Monday, Feb. 13, 1933
Subsidy Suspended
Long promised by Democrats is a "new deal'' in airmail subsidies, a breaking of the system fostered by Postmaster General Walter Folger Brown. Last week the Senate acted to make the 1933-34 airmail appropriations part of the new deal, struck $19,000,000 from the Post Office Appropriation Bill, left it for the next Congress to insert, if it chooses, in a deficiency bill.
Vexed by the Senate's action, airmail contractors were not shocked. Aware that airmail is a potent means of Administration publicity and patronage, they chose to regard the Senate's action as 1) a slap at Postmaster General Brown and 2) a determination to let the incoming Administration get full credit for whatever is done about airmail in the next four years, extensions or economies.

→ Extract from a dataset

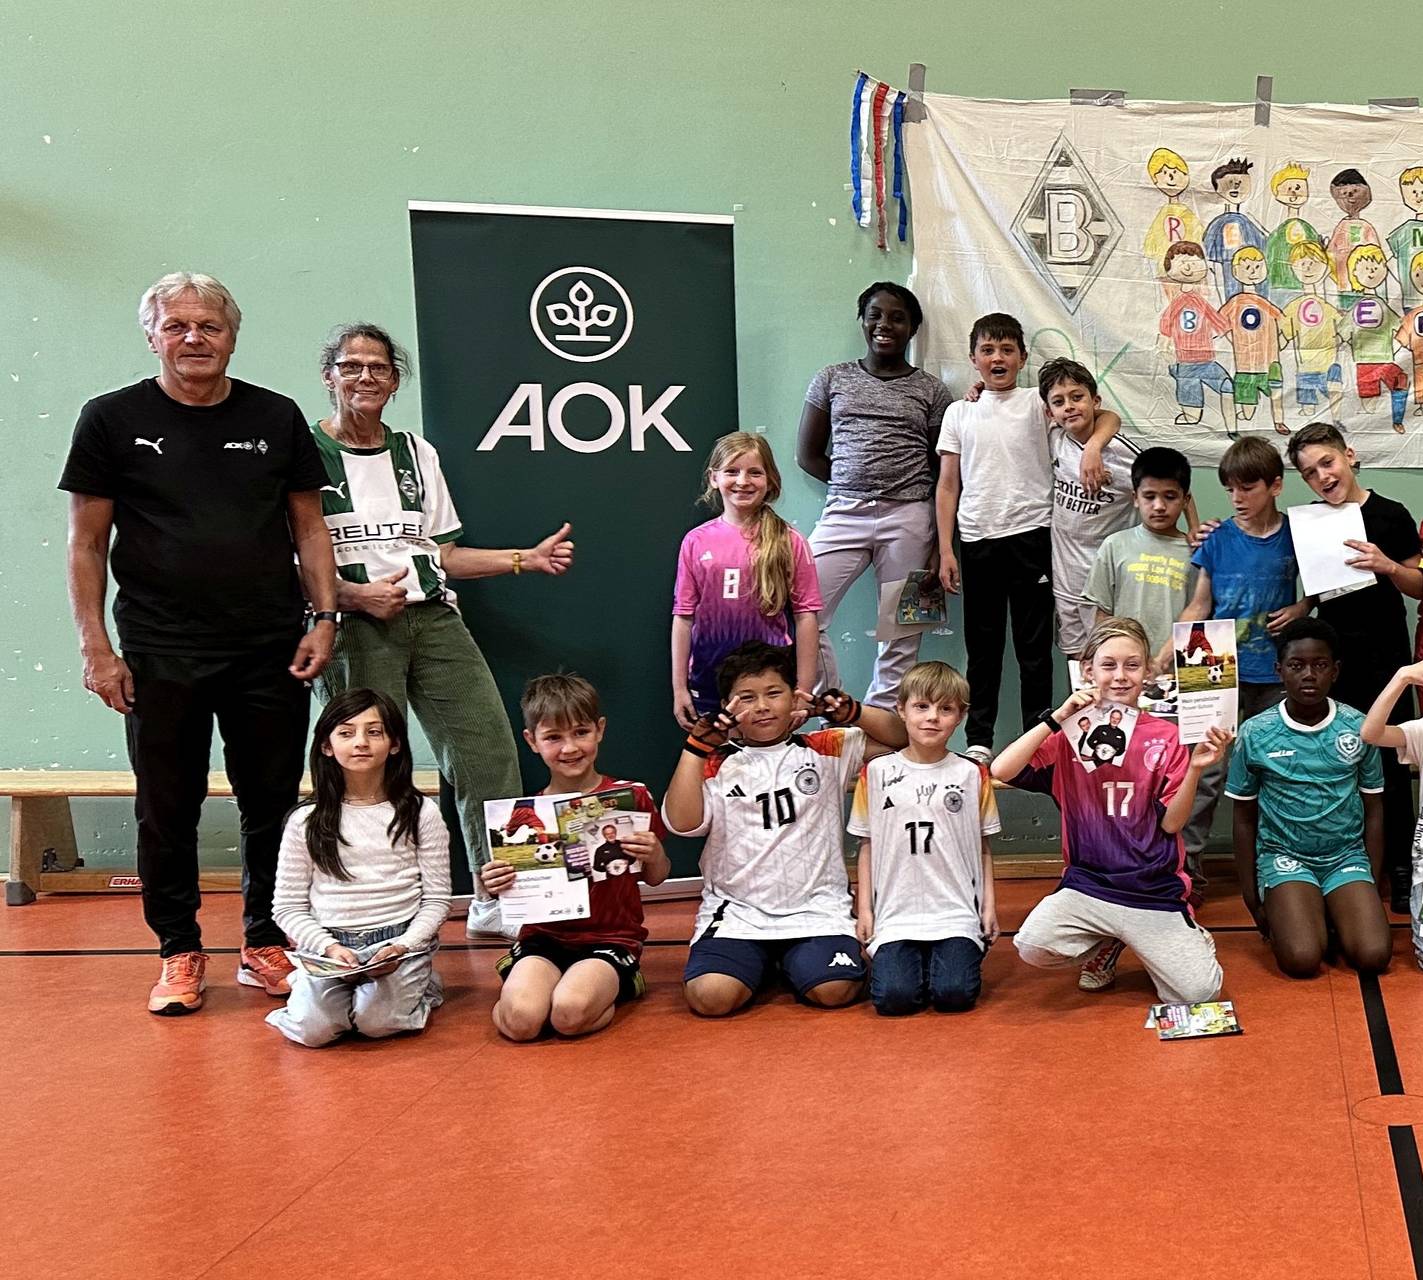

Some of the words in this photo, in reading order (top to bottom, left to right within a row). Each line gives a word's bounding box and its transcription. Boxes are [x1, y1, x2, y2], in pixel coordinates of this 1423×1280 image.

While the Senate was arguing, Postmaster General Brown drew the wrath of the House Post Office Committee and some operators by juggling airmail routes in precisely the manner which the law provides but which his critics call ''arbitrary." He gave Transcontinental & Western Air a mail route from Los Angeles to San Francisco as an "extension" of its New York-Los Angeles run. The extension parallels United Air Lines. Also to T. & W. A. he gave a route from Columbus to Chicago; to American Airways an extension from Buffalo to Detroit (joining its Detroit-Chicago). Both the latter extensions compete with United's service from New York to Chicago. American Airways lost its Kansas City-Omaha route to United; lost also its Phoenix-San Diego.
Most curious was the extension of American Airways from Muskegon across Lake Michigan to Milwaukee. American Airways does not fly that route. Kohler Aviation Corp. (not a mail carrier) does. Reputedly, American Airways was given the extension on condition that it sublet the contract to Kohler.